Yipperdeedoodaa :afrog:
Re: What Would You Change About VB6 if You Had The Chance? (For Novices and Experts)
Quote:
Originally Posted by grilkip
The new language project seems great. But why use vb6 as a template? (or any type of source) All the questions unanswered in vb6 are answered in VB.NET (or C#).
Yipperdeedoodaa :afrog:
We aren't using VB6 as a template. I posted a thread similar to this for VB.NET, C++ and C#. The point of this thread is to get an idea of what people feel they are lacking in their current programming languages/experiences. We (the LF team) hope to include as many of these things as possible.
Re: What Would You Change About VB6 if You Had The Chance? (For Novices and Experts)
need +=, -=, *=
if you are also including other language stuff please dont make me put ; at the end of most of my lines
Re: What Would You Change About VB6 if You Had The Chance? (For Novices and Experts)
I planned not to add the semicolons anyways ;)

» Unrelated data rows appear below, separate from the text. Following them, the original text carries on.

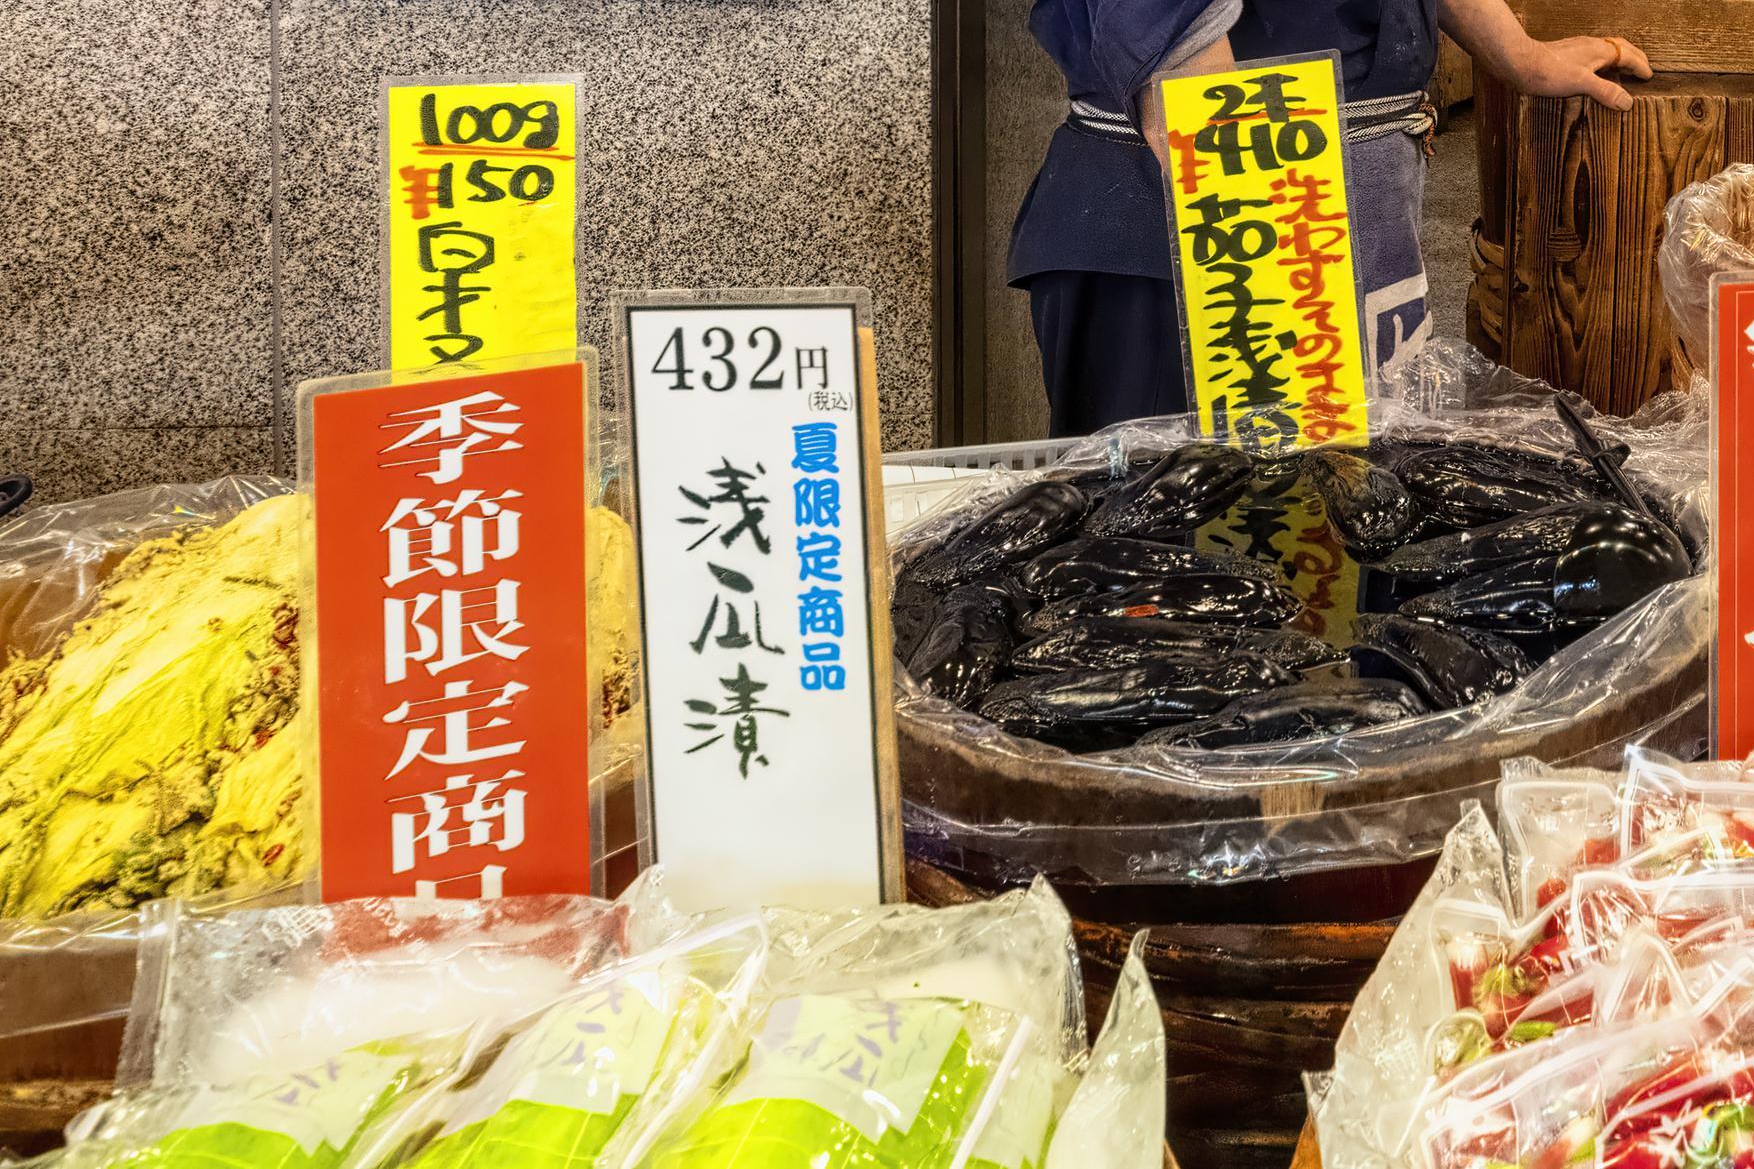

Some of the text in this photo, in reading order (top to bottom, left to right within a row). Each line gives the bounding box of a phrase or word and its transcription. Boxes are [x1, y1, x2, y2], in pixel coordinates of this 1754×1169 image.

[398, 159, 555, 220] ¥150
[651, 325, 831, 392] 432円
[806, 389, 855, 413] (税込)
[792, 422, 847, 693] 夏限定商品
[676, 455, 791, 781] 浅瓜漬
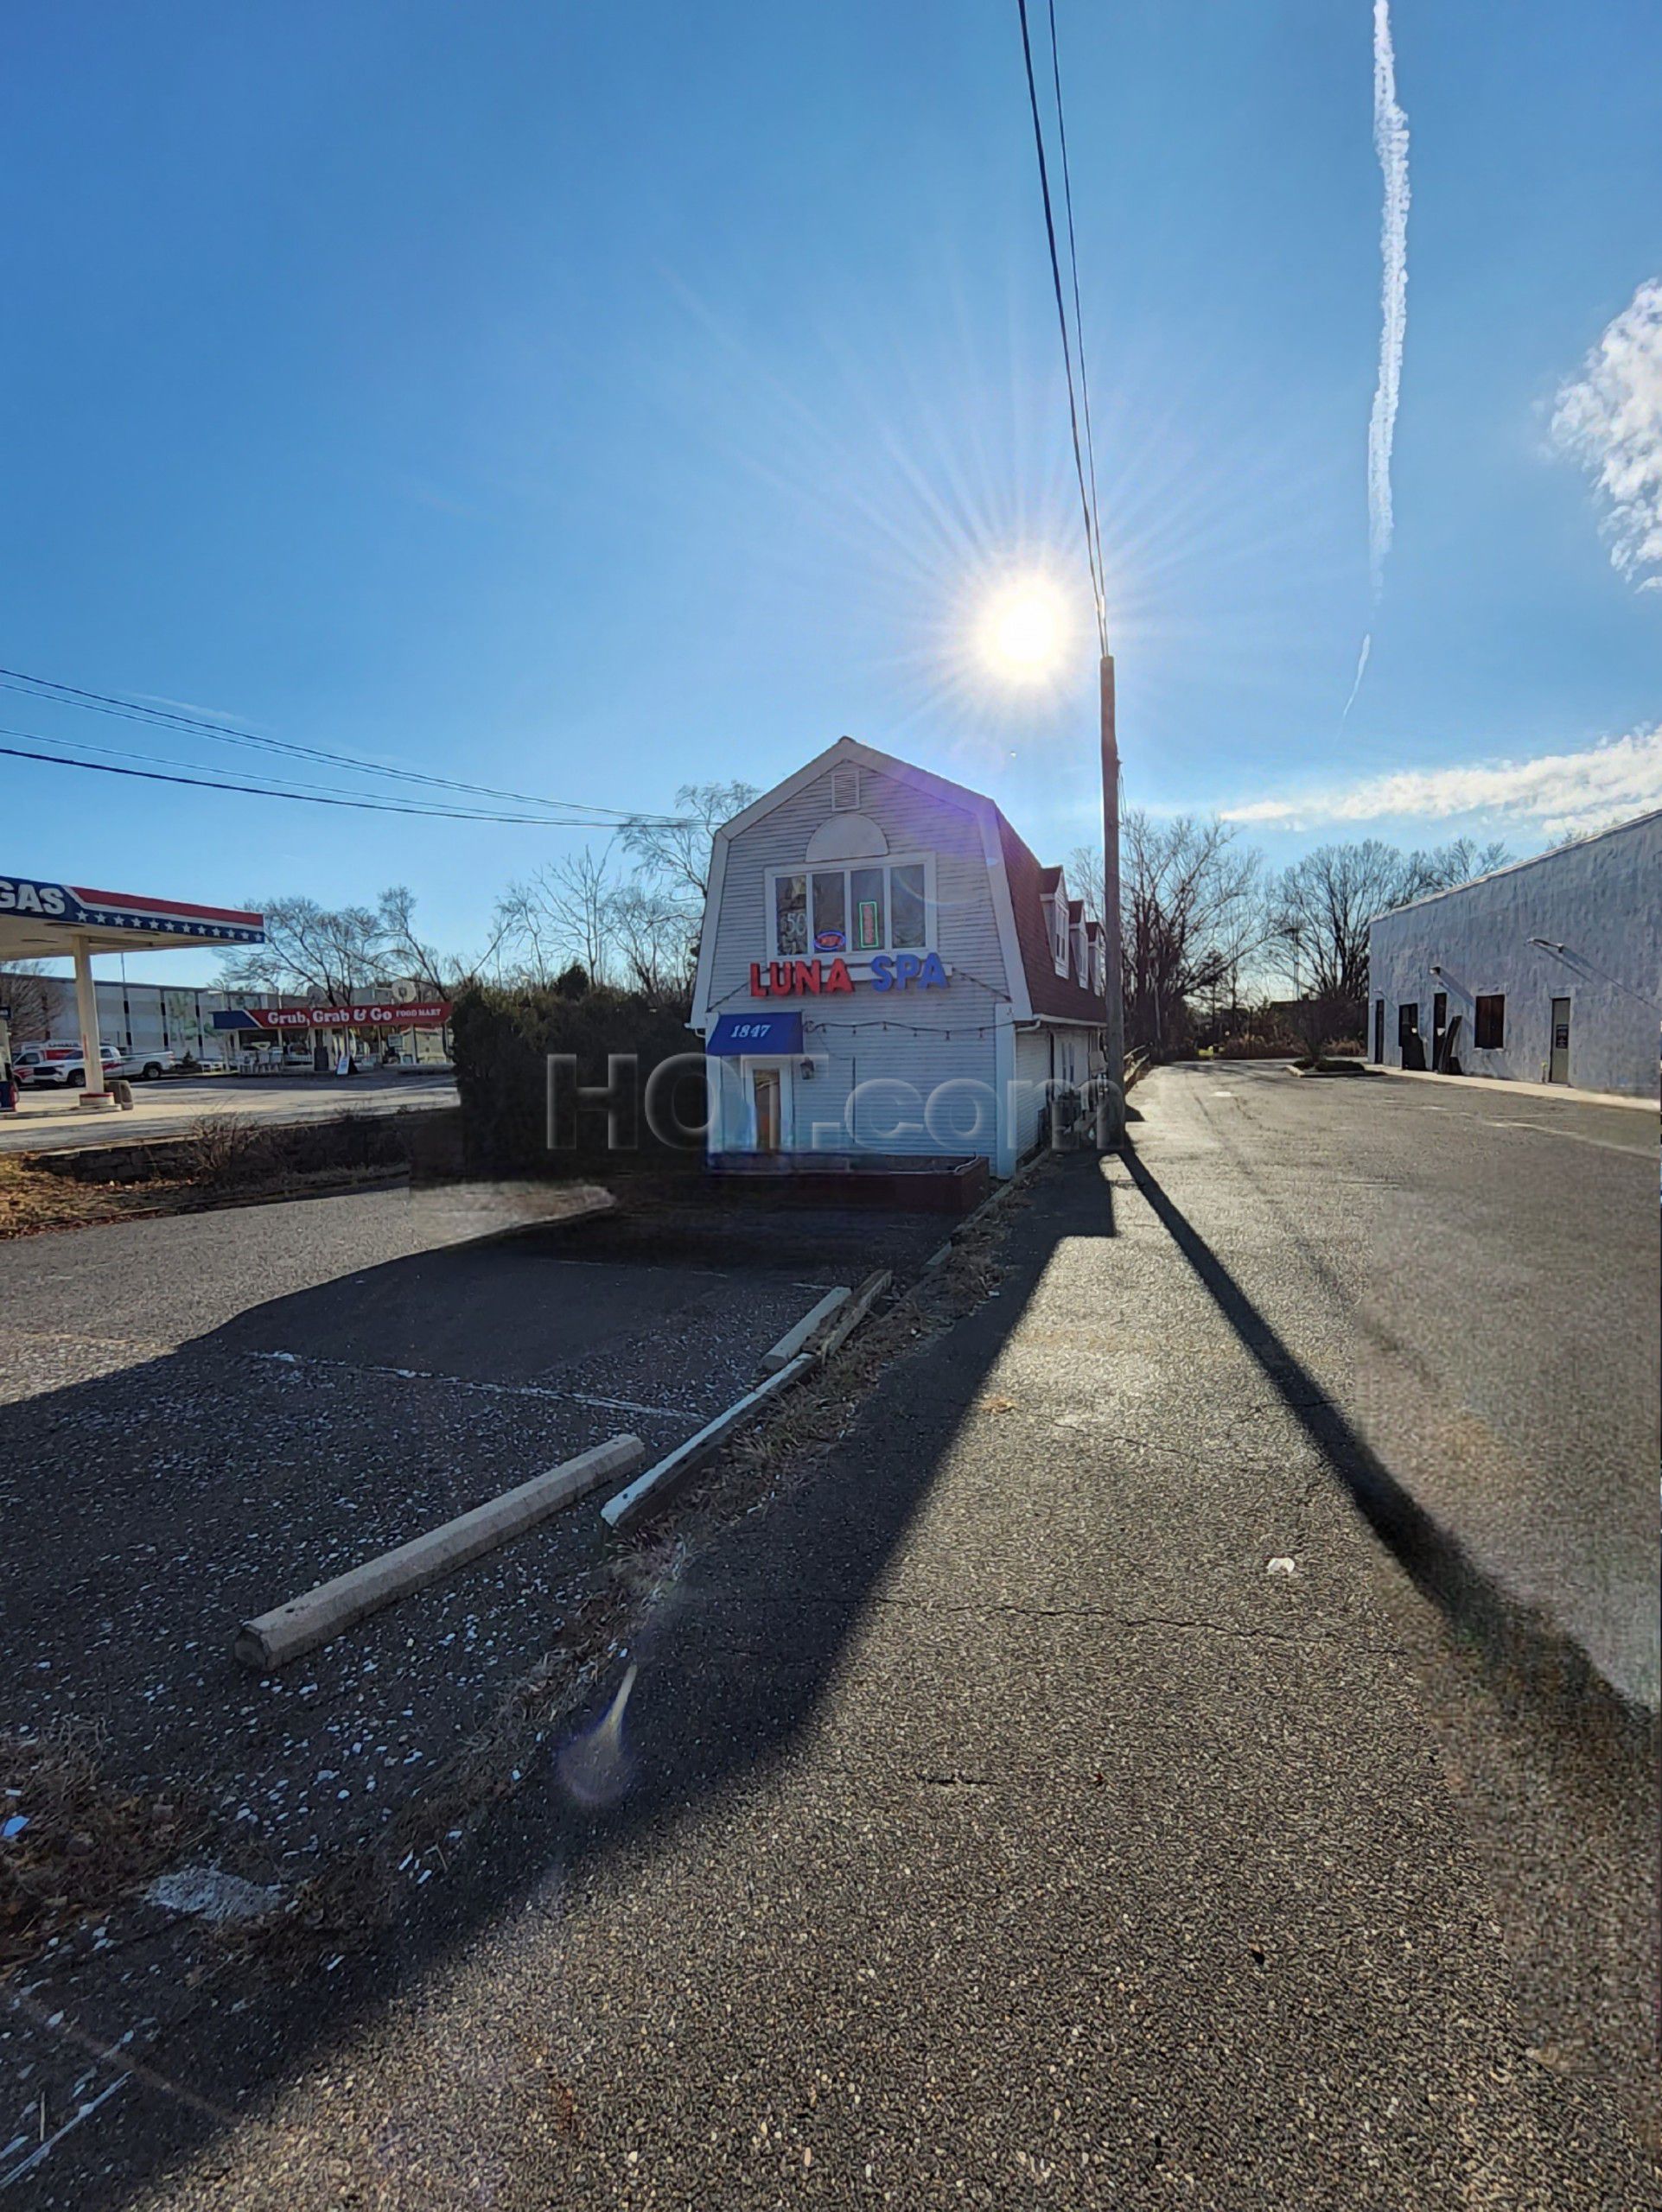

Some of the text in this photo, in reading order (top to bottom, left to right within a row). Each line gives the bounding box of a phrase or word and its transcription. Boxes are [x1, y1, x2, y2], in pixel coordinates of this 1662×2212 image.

Re: What Would You Change About VB6 if You Had The Chance? (For Novices and Experts)
Quote:
Originally Posted by notquitehere188
need +=, -=, *=
if you are also including other language stuff please dont make me put ; at the end of most of my lines
please don't forget /= and \=
And Mod= , Abs= , in otherwords most mathamatical stuff with an equal behind it stores the result in The variable and the second number is placed after the ....= like
[CODE="LightFusion"]Dim I as integer
I = 234
I Mod= 5[/CODE]
And
Fixed length integers, longs and doubles so you won't need to format them over and over.
Declared like
Dim I as integer *10
or
Dim D as Double * 8.3
results in double always showing in 00000000.000 format without ten bytes extra
variable Arrays of arrays
Dim Arr as Array()()
where te first and second dimension can be redimmed. (the second for eahc element explicit as wel)
[CODE="Lightfusion"]redim Arr(0 to 10)()
redim Arr(0)(0 to 100)
redim Arr(1)(0 to 50)[/CODE]
or
[CODE="LightFusion"]Redim Arr(0 to 10)(0 to 5) 'for all not explicit defined elements or
Redim Arr(0 to 10)(0 to 5) Enforce 'for all second dimension elements [/CODE]
Re: What Would You Change About VB6 if You Had The Chance? (For Novices and Experts)
We are not gonna use the Dim, As, and ReDim statements to declare variables. It's gonna be like this:
Code:
Int32 MyVarible = 5
Re: What Would You Change About VB6 if You Had The Chance? (For Novices and Experts)
Formatting variables only makes sense when you are displaying them. Not when storing/declaring them.
I agree with the arrays - jagged arrays they are called.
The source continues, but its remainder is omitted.